Twelve new Cyclophostin and Cyclipostins analogues (CyC19-30) were synthesized, thus extending our series to 38 CyCs. Their antibacterial activities were evaluated against four pathogenic mycobacteria (Mycobacterium abscessus, Mycobacterium marinum, Mycobacterium bovis BCG, and Mycobacterium tuberculosis) and two Gram negative bacteria. The CyCs displayed very low toxicity toward host cells and were only active against mycobacteria. Importantly, several CyCs were active against extracellular M. abscessus (CyC17/CyC18ß/CyC25/CyC26) or intramacrophage residing mycobacteria (CyC7(α,ß)/CyC8(α,ß)) with minimal inhibitory concentrations (MIC50) values comparable to or better than those of amikacin or imipenem, respectively. An activity-based protein profiling combined with mass spectrometry allowed identification of the potential target enzymes of CyC17/CyC26, mostly being involved in lipid metabolism and/or in cell wall biosynthesis. Overall, these results strengthen the selective activity of the CyCs against mycobacteria, including the most drug-resistant M. abscessus, through the cumulative inhibition of a large number of Ser- and Cys-enzymes participating in key physiological processes.

Cyclophostin and Cyclipostins analogues, new promising molecules to treat mycobacterial-related diseases.

The progression of mycobacterial diseases requires the development of new therapeutics. This study evaluated the efficacy and selectivity of a panel of Cyclophostin and Cyclipostins analogues (CyCs) against various bacteria and mycobacteria. The activity 26 CyCs was first assayed by the agar plate method. Compounds exhibiting 50-100% growth inhibition were then selected to determine their minimum inhibitory concentrations (MICs) by the resazurin microtiter assay (REMA). The best drug candidate was further tested against clinical mycobacterial isolates and bacteria responsible for nosocomial infections, including 6 Gram-negative bacteria, 5 Gram-positive bacteria, 29 rapid-growing mycobacteria belonging to the Mycobacterium chelonae-abscessus clade and 3 slow-growing mycobacteria (Mycobacterium marinum, Mycobacterium bovis BCG and Mycobacterium tuberculosis). Among the 26 CyCs tested, 10 were active and their inhibitory activity was exclusively restricted to mycobacteria. The best candidate (CyC17) was further tested against 26 clinical strains and showed high selectivity for mycobacteria, with MICs (<2-40 µg/mL) comparable with those of most classical antimicrobials used to treat M. abscessus infections. Together, these results support the fact that such CyCs represent a new family of potent and selective inhibitors against mycobacteria. This is of particular interest for future chemotherapeutic developments against mycobacterial-associated infections, especially against M. abscessus, the most drug-resistant mycobacterial species.

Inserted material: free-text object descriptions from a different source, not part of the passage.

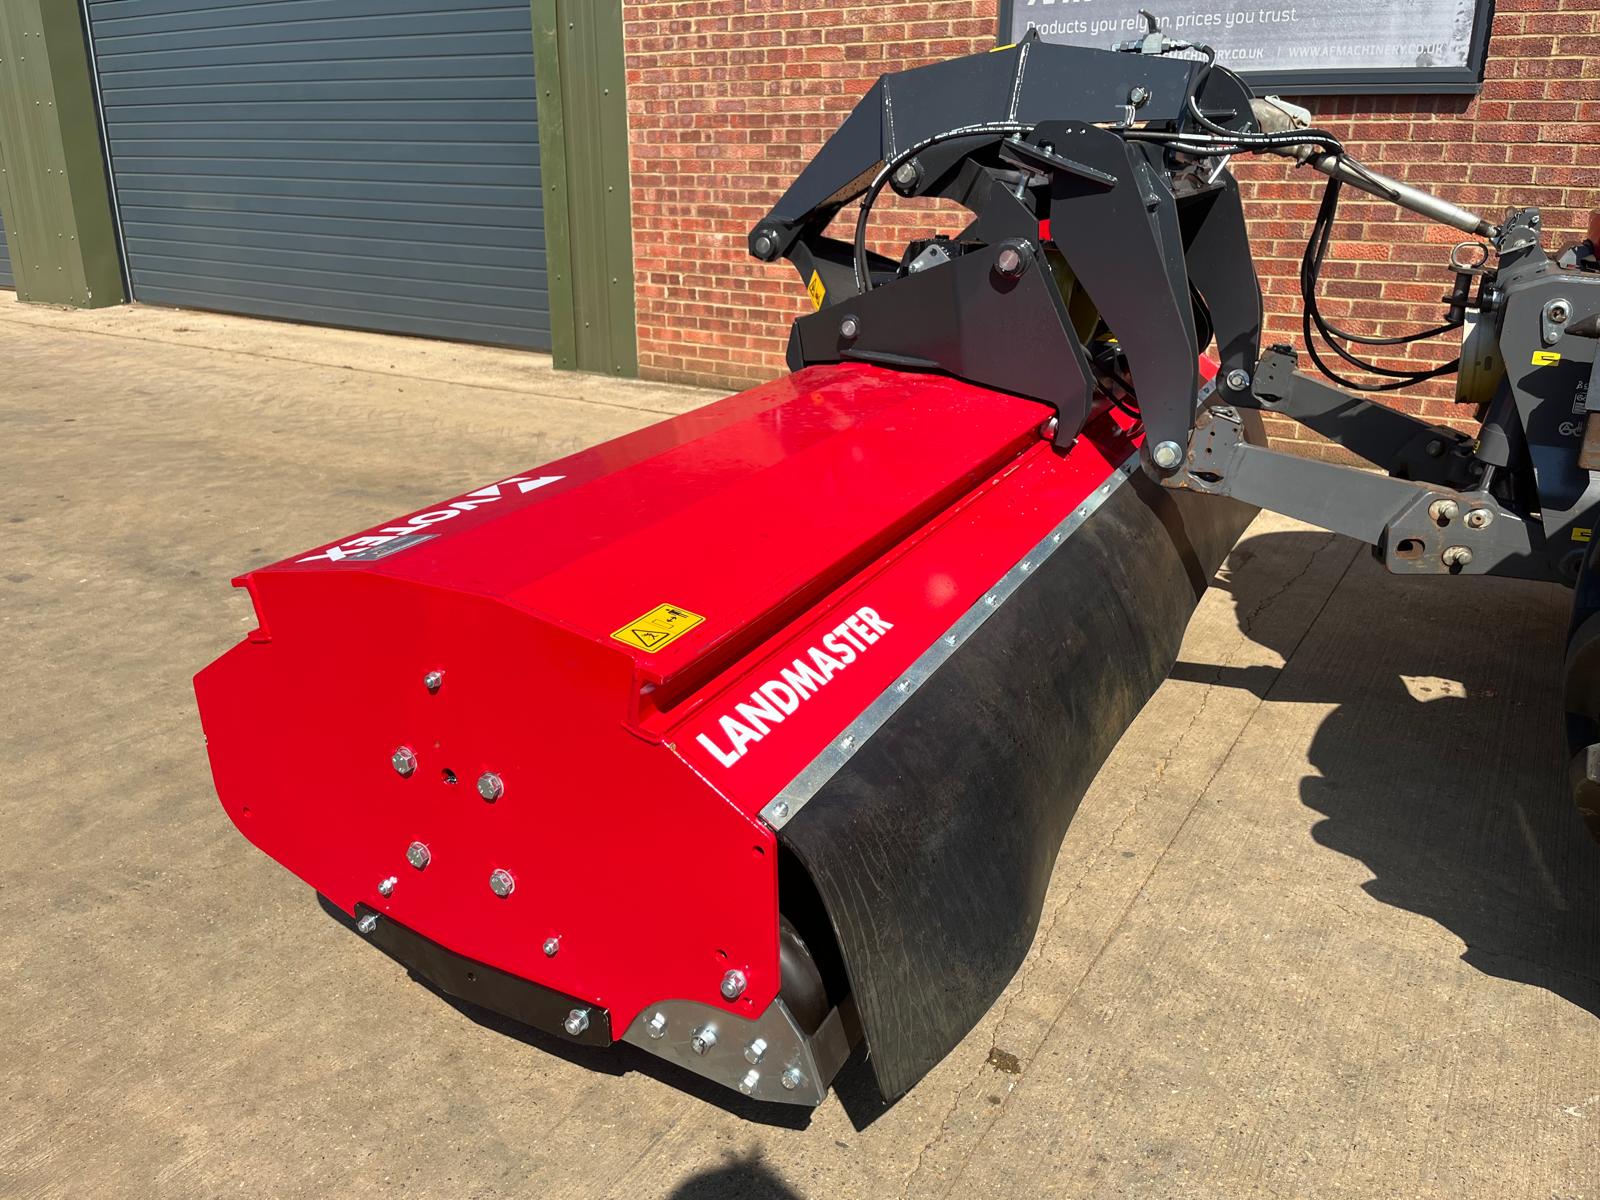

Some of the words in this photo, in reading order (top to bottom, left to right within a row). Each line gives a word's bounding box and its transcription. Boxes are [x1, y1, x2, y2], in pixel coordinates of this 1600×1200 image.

[1026, 19, 1087, 35] Products
[1091, 19, 1117, 35] you
[1120, 15, 1149, 32] rely
[1175, 11, 1222, 30] prices
[1225, 10, 1255, 28] you
[1258, 7, 1299, 23] trust.
[1288, 44, 1444, 58] WWW.AFMACHINERY.CO.UK
[695, 606, 895, 769] LANDMASTER

Cyclipostins and Cyclophostin analogs as promising compounds in the fight against tuberculosis.

A new class of Cyclophostin and Cyclipostins (CyC) analogs have been investigated against Mycobacterium tuberculosis H37Rv (M. tb) grown either in broth medium or inside macrophages. Our compounds displayed a diversity of action by acting either on extracellular M. tb bacterial growth only, or both intracellularly on infected macrophages as well as extracellularly on bacterial growth with very low toxicity towards host macrophages. Among the eight potential CyCs identified, CyC 17 exhibited the best extracellular antitubercular activity (MIC50 = 500 nM). This compound was selected and further used in a competitive labelling/enrichment assay against the activity-based probe Desthiobiotin-FP in order to identify its putative target(s). This approach, combined with mass spectrometry, identified 23 potential candidates, most of them being serine or cysteine enzymes involved in M. tb lipid metabolism and/or in cell wall biosynthesis. Among them, Ag85A, CaeA and HsaD, have previously been reported as essential for in vitro growth of M. tb and/or survival and persistence in macrophages. Overall, our findings support the assumption that CyC 17 may thus represent a novel class of multi-target inhibitor leading to the arrest of M. tb growth through a cumulative inhibition of a large number of Ser- and Cys-containing enzymes participating in important physiological processes.